> **EXCERPTED DATA**
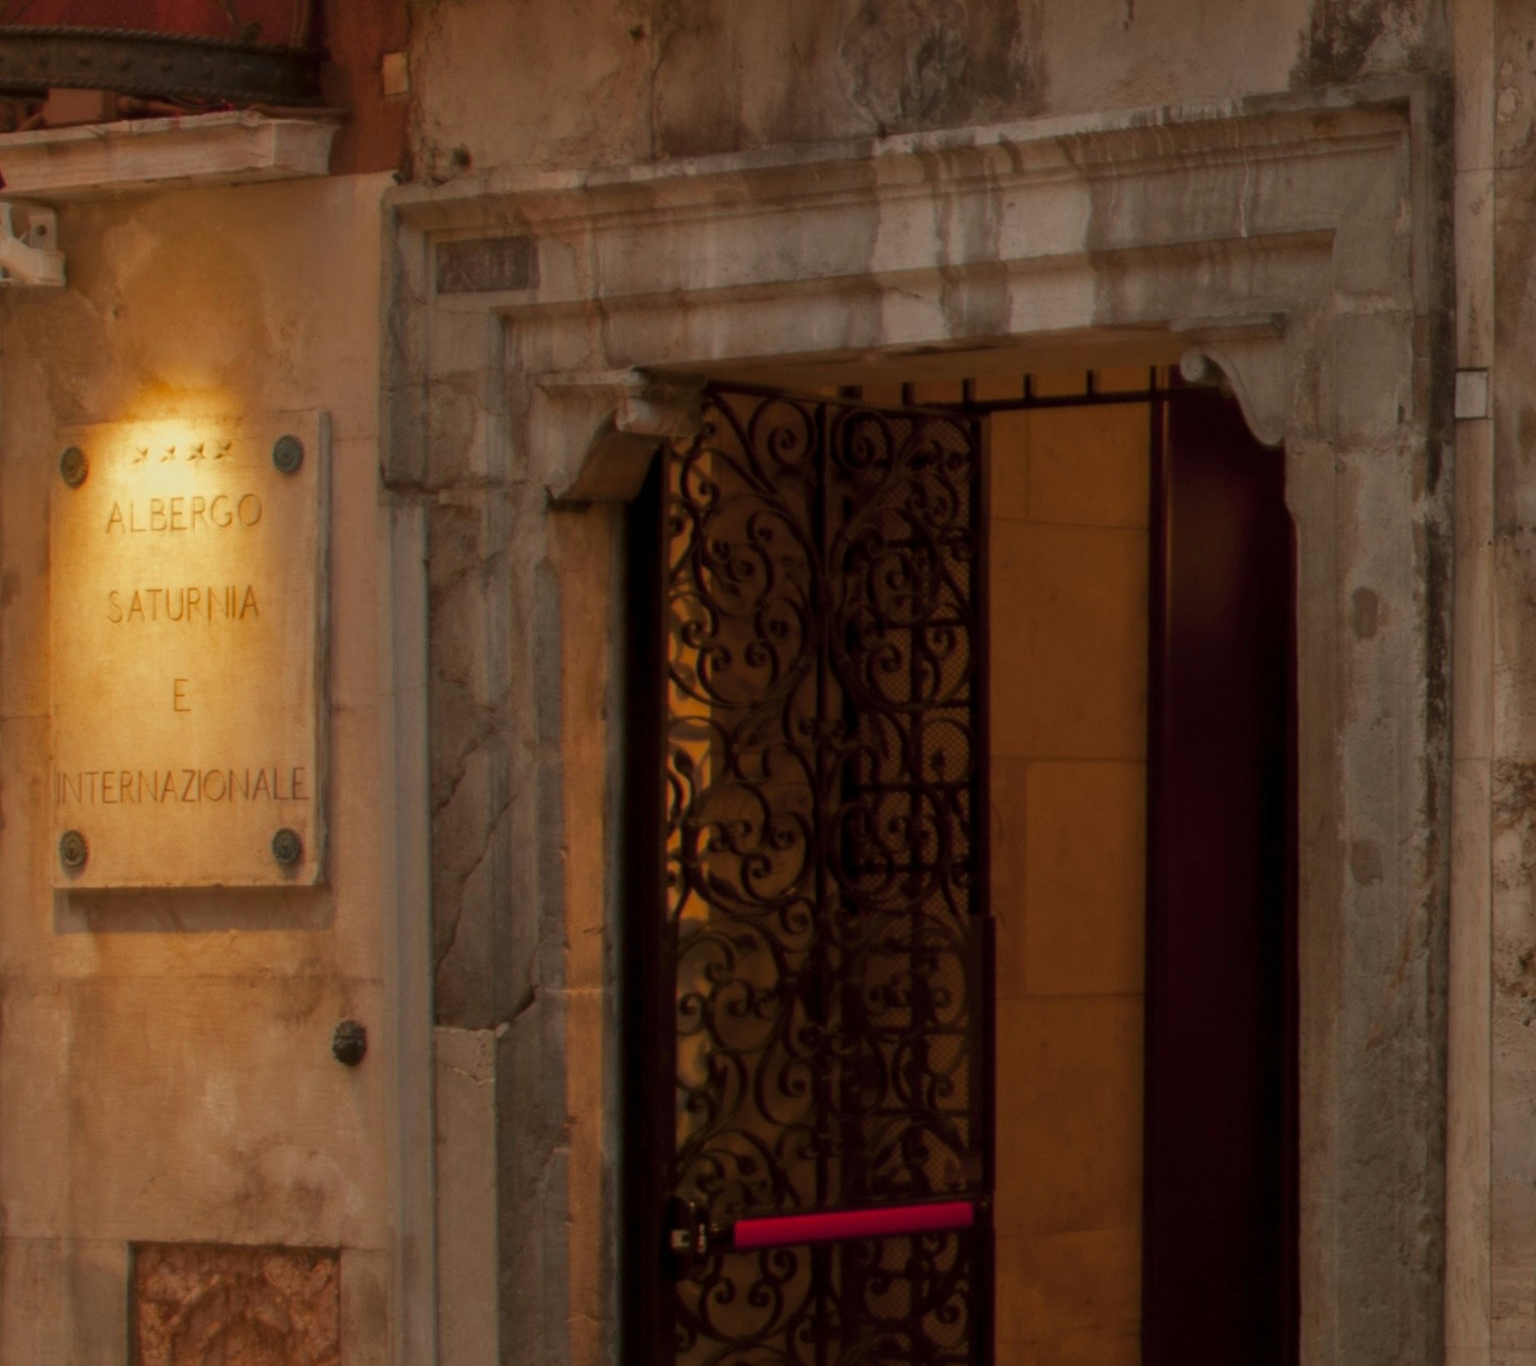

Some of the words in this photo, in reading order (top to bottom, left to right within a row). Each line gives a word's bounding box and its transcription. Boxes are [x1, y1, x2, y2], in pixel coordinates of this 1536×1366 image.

[105, 492, 264, 535] ALBERGO
[106, 584, 260, 625] SATURNIA
[172, 678, 192, 713] E
[56, 766, 310, 805] INTERNAZIONALE
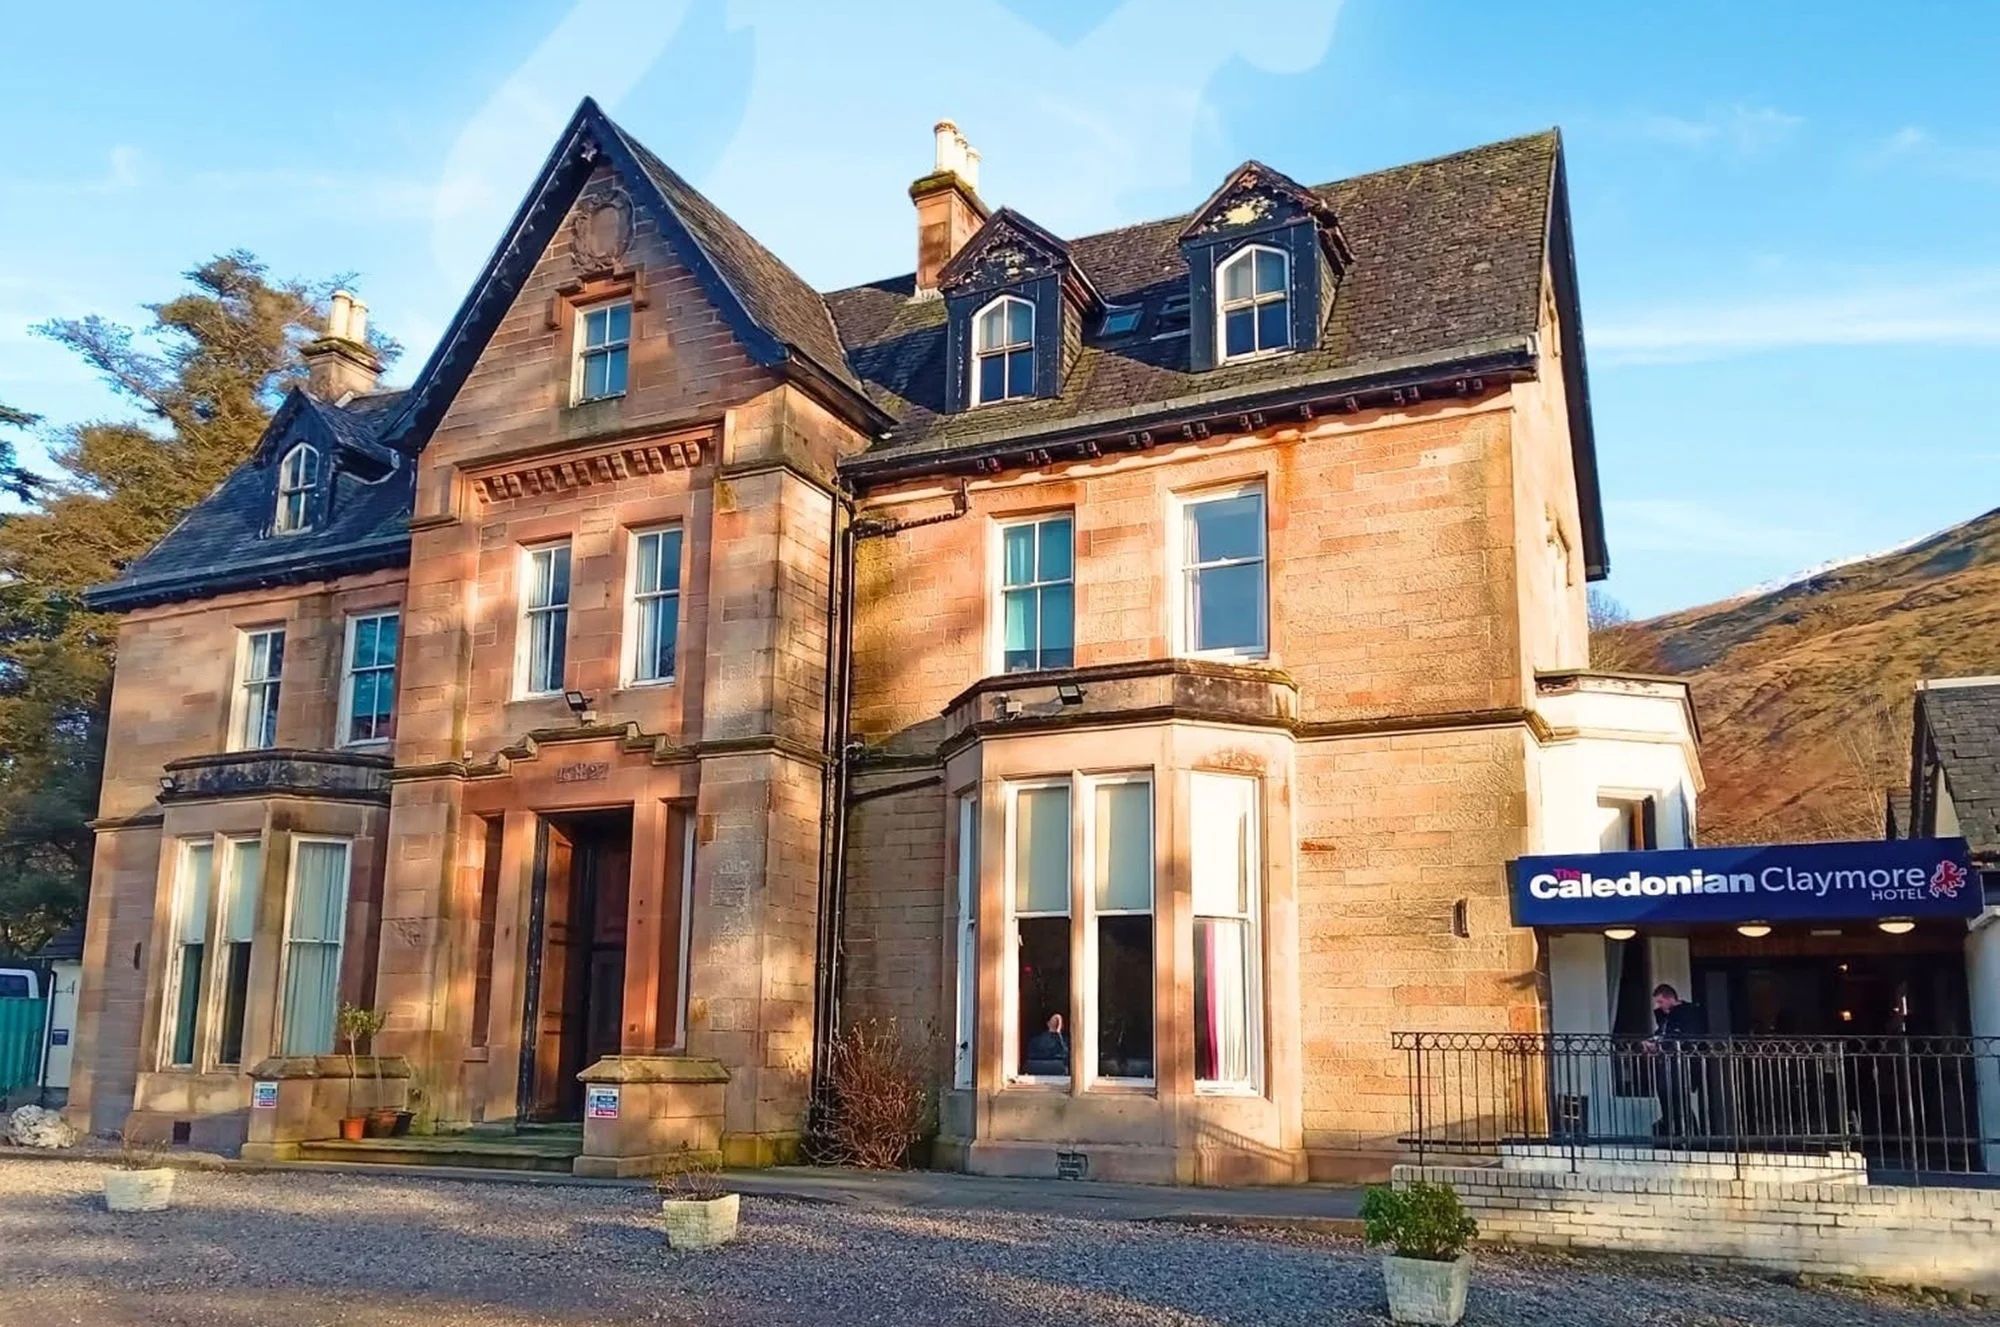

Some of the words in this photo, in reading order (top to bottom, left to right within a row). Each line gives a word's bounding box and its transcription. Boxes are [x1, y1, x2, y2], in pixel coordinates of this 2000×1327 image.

[1553, 868, 1581, 881] The
[1529, 868, 1756, 899] Caledonian
[1760, 866, 1926, 897] Claymore
[1871, 888, 1927, 902] HOTEL
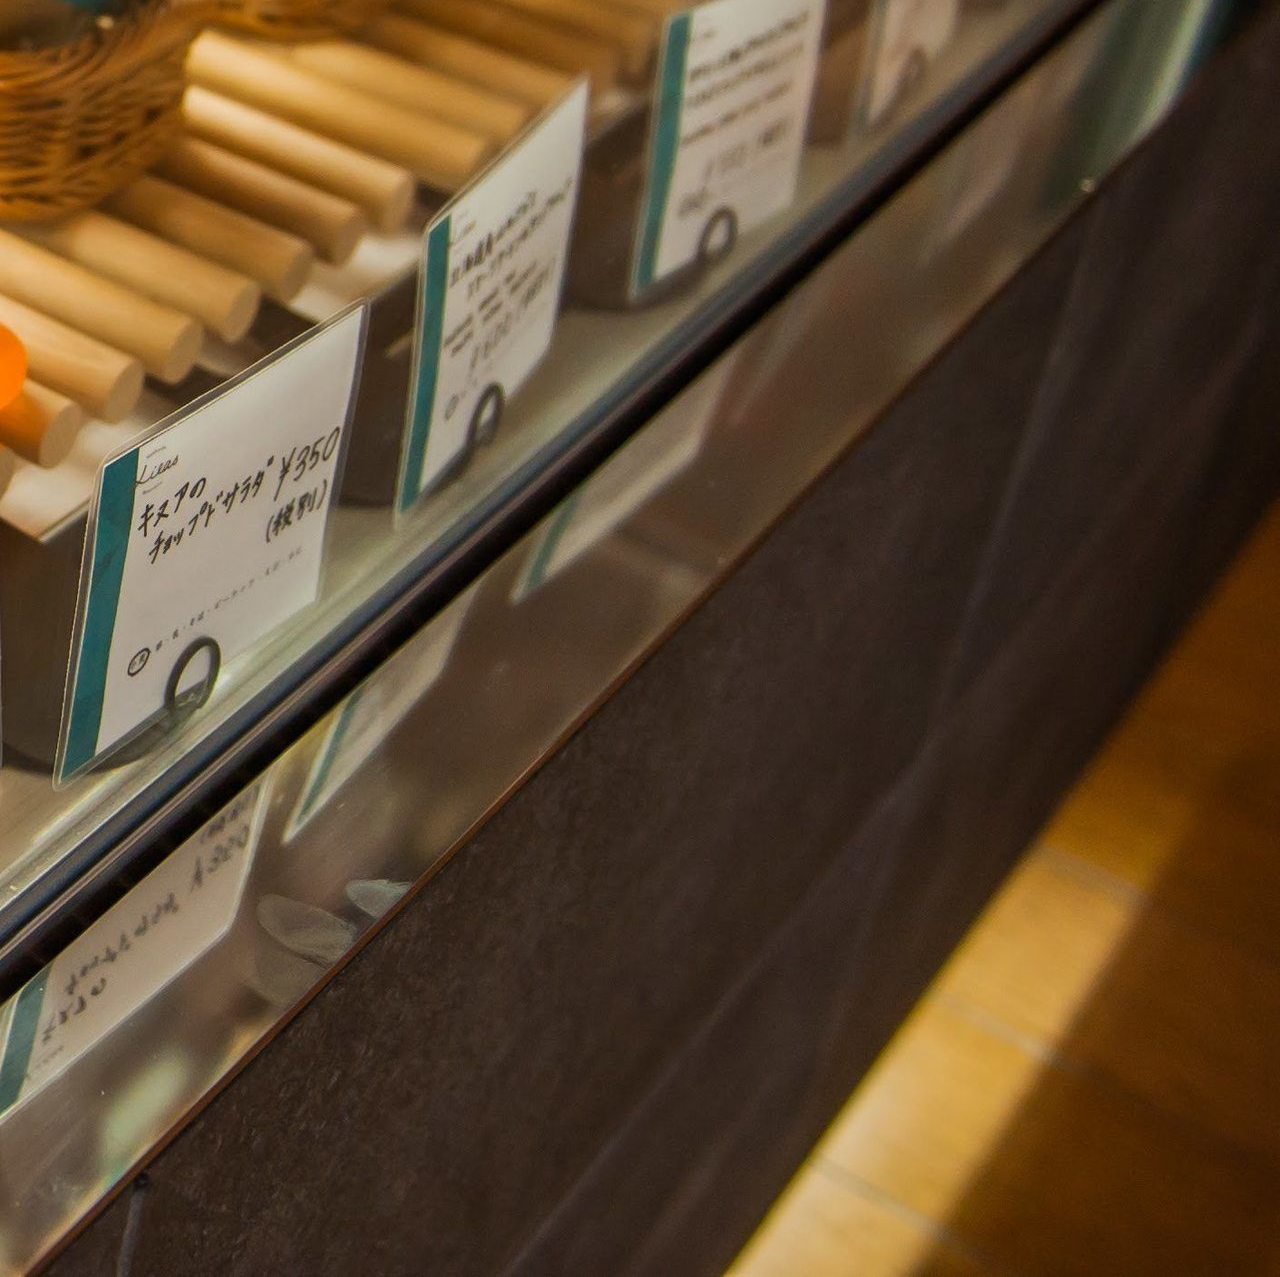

> **DIRECTIONS FOR THIS TASK**
Write out the data once more exactly, omitting the pictures.

> **WRITTEN RESPONSE**
Some of the words in this photo, in reading order (top to bottom, left to right within a row). Each line gives a word's bounding box and its transcription. Boxes are [x1, y1, x2, y2], in pixel coordinates of this 1536×1366 image.

[105, 492, 264, 535] ALBERGO
[106, 584, 260, 625] SATURNIA
[172, 678, 192, 713] E
[56, 766, 310, 805] INTERNAZIONALE

Some of the words in this photo, in reading order (top to bottom, left to right within a row). Each line gives a word's bounding box and its transcription. Boxes are [x1, y1, x2, y2], in pixel coordinates of this 2000×1327 image.

[1553, 868, 1581, 881] The
[1529, 868, 1756, 899] Caledonian
[1760, 866, 1926, 897] Claymore
[1871, 888, 1927, 902] HOTEL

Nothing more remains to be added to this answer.